→ What the exercise asks:
The pictures are to be omitted when the entries are reproduced exactly.

→ Given records:
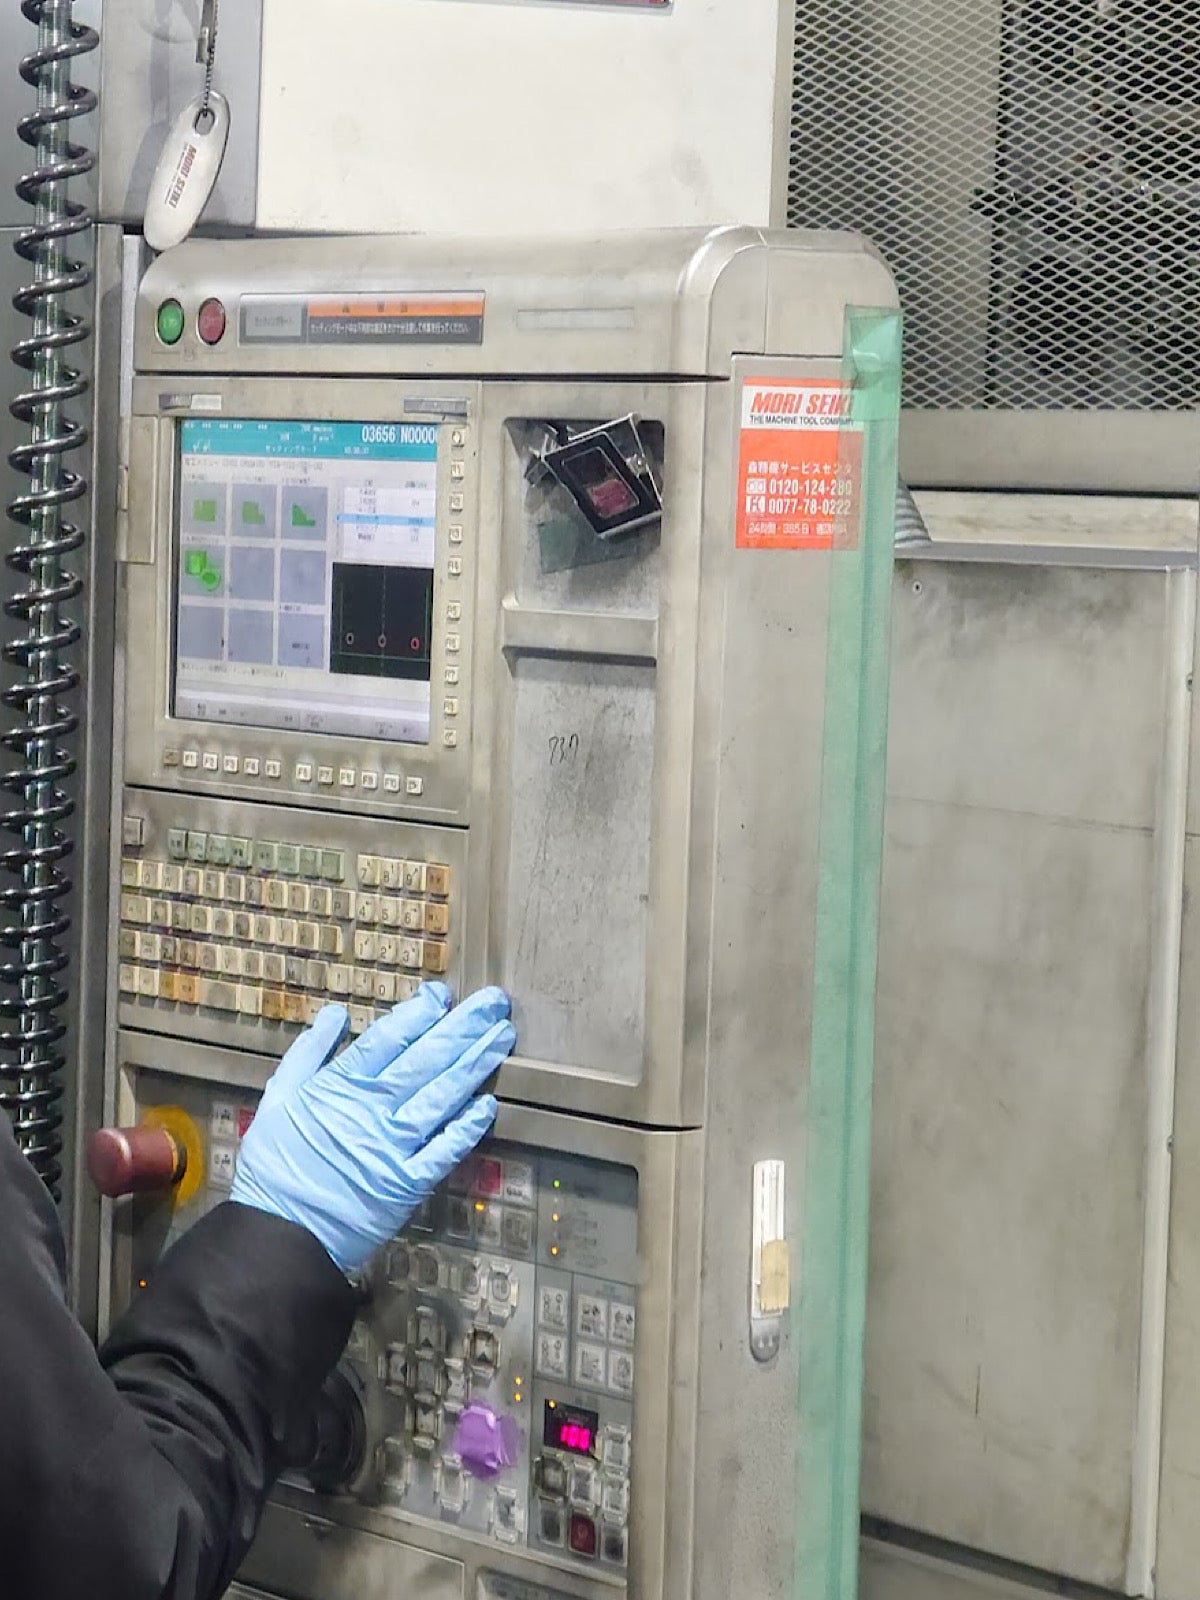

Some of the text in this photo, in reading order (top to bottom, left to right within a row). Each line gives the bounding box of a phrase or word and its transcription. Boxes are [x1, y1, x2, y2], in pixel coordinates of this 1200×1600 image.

[179, 144, 197, 178] MORI
[168, 179, 186, 209] SEIKI
[751, 392, 801, 414] MORI
[750, 415, 764, 424] THE
[766, 416, 798, 425] MACHINE
[800, 417, 818, 425] TOOL
[361, 867, 413, 887] 7 8 9
[358, 904, 412, 925] 4 5 6
[380, 945, 388, 959] 2
[402, 949, 410, 962] 3
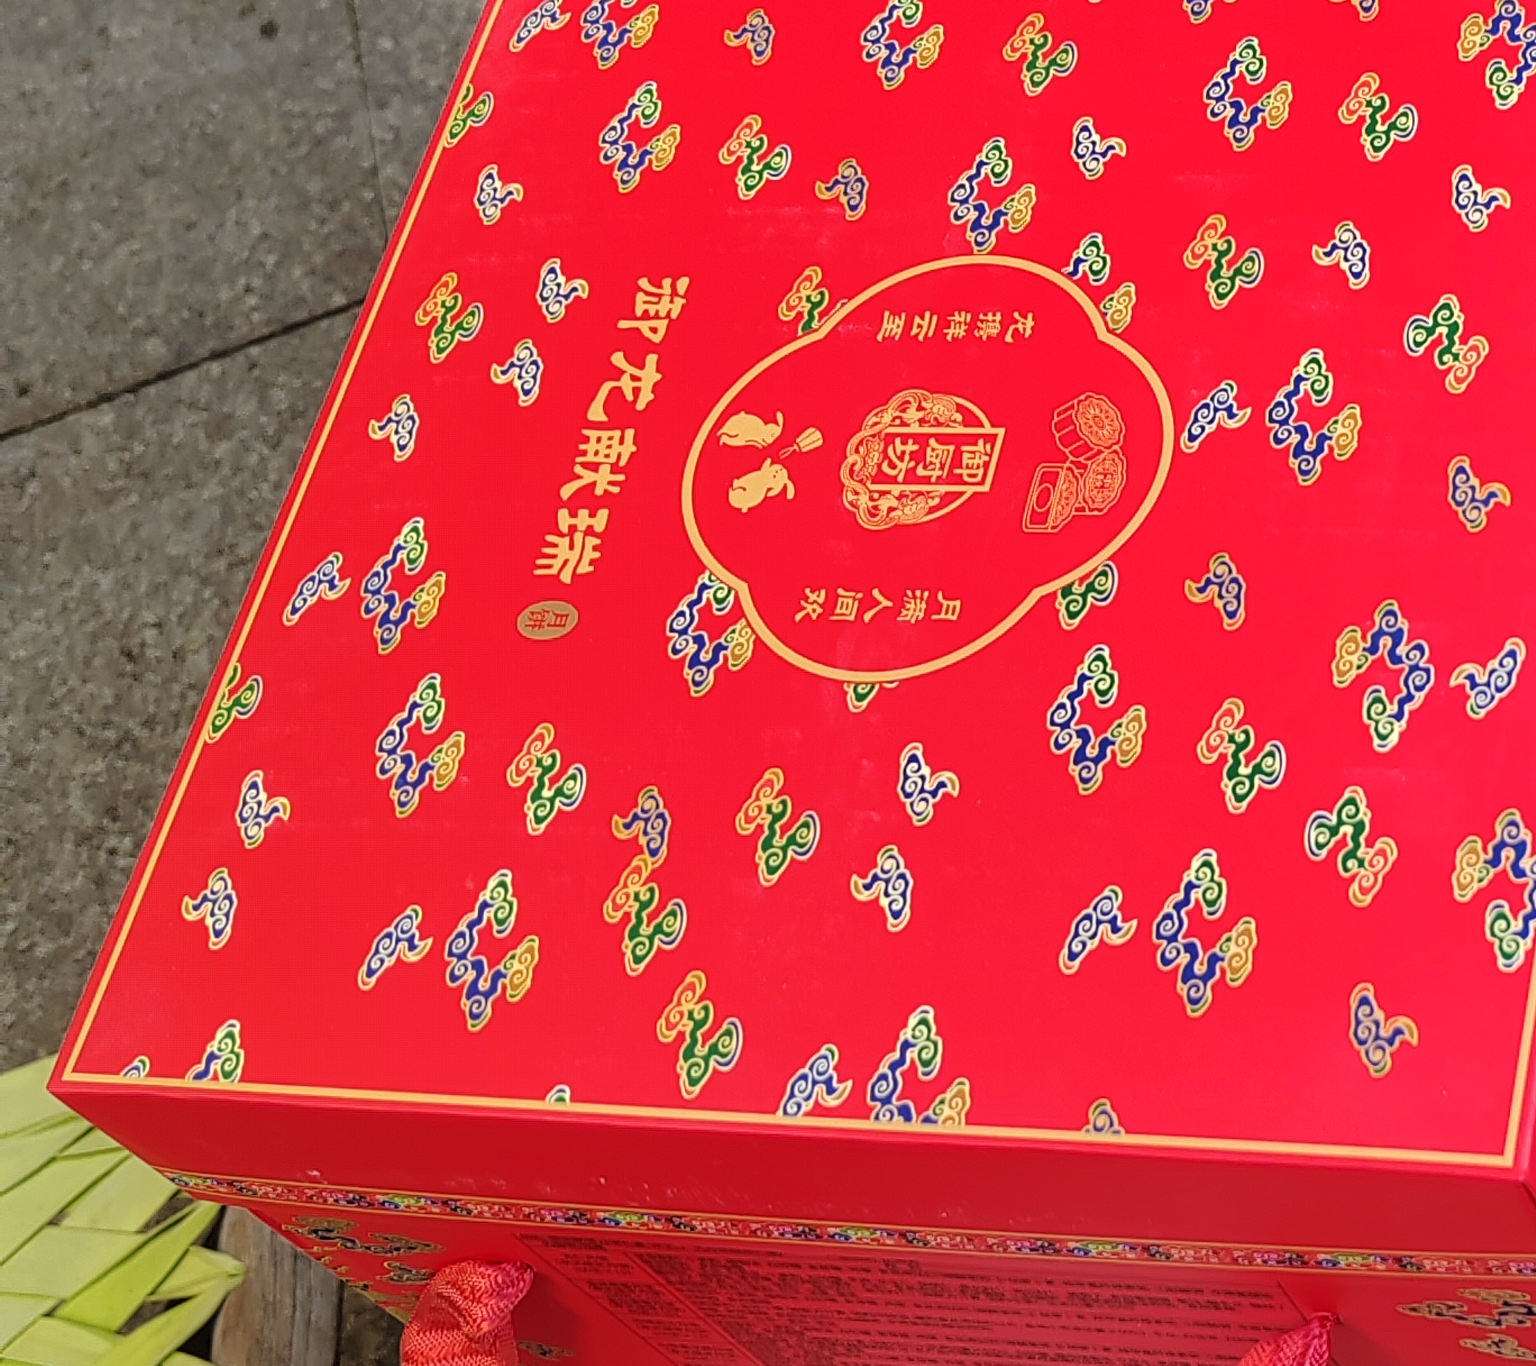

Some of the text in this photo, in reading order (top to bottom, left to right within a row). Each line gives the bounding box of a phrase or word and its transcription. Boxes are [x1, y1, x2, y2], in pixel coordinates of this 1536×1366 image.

[876, 310, 1036, 343] 龙携祥云至
[532, 274, 692, 585] 御龙献瑞
[880, 439, 990, 483] 御厨坊
[525, 609, 571, 631] 月饼
[793, 587, 962, 624] 月满人间欢
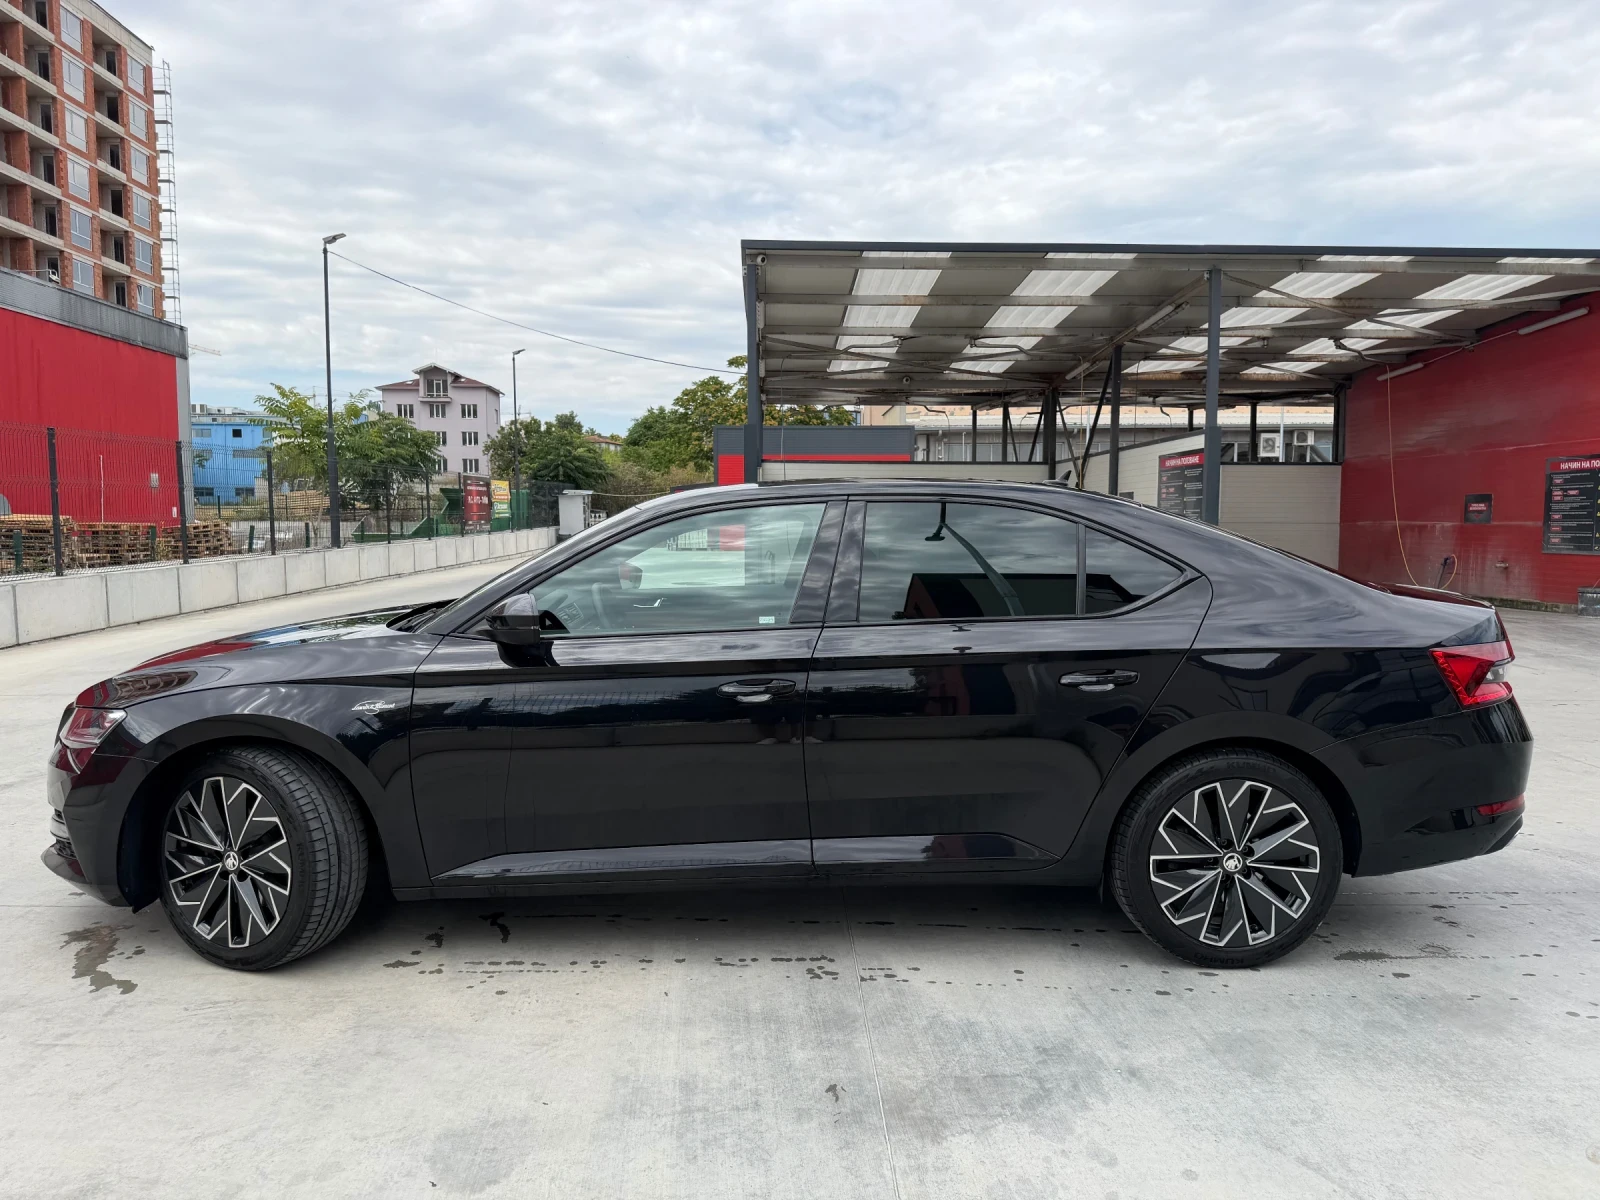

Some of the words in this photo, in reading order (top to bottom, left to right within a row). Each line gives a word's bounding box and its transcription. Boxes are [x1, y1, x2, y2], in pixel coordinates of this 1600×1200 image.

[1560, 461, 1581, 470] НАЧИН
[1581, 460, 1590, 469] НА
[1590, 459, 1600, 468] ПО
[1226, 761, 1276, 774] KUMHO

→ Answer to the exercise:
Some of the text in this photo, in reading order (top to bottom, left to right within a row). Each line gives the bounding box of a phrase or word and its transcription. Boxes are [x1, y1, x2, y2], in pixel coordinates of this 1200×1600 image.

[179, 144, 197, 178] MORI
[168, 179, 186, 209] SEIKI
[751, 392, 801, 414] MORI
[750, 415, 764, 424] THE
[766, 416, 798, 425] MACHINE
[800, 417, 818, 425] TOOL
[361, 867, 413, 887] 7 8 9
[358, 904, 412, 925] 4 5 6
[380, 945, 388, 959] 2
[402, 949, 410, 962] 3

Some of the text in this photo, in reading order (top to bottom, left to right within a row). Each line gives the bounding box of a phrase or word and its transcription. Boxes are [x1, y1, x2, y2], in pixel coordinates of this 1536×1366 image.

[876, 310, 1036, 343] 龙携祥云至
[532, 274, 692, 585] 御龙献瑞
[880, 439, 990, 483] 御厨坊
[525, 609, 571, 631] 月饼
[793, 587, 962, 624] 月满人间欢

Some of the words in this photo, in reading order (top to bottom, left to right within a row). Each line gives a word's bounding box and its transcription. Boxes are [x1, y1, x2, y2], in pixel coordinates of this 1600×1200 image.

[1560, 461, 1581, 470] НАЧИН
[1581, 460, 1590, 469] НА
[1590, 459, 1600, 468] ПО
[1226, 761, 1276, 774] KUMHO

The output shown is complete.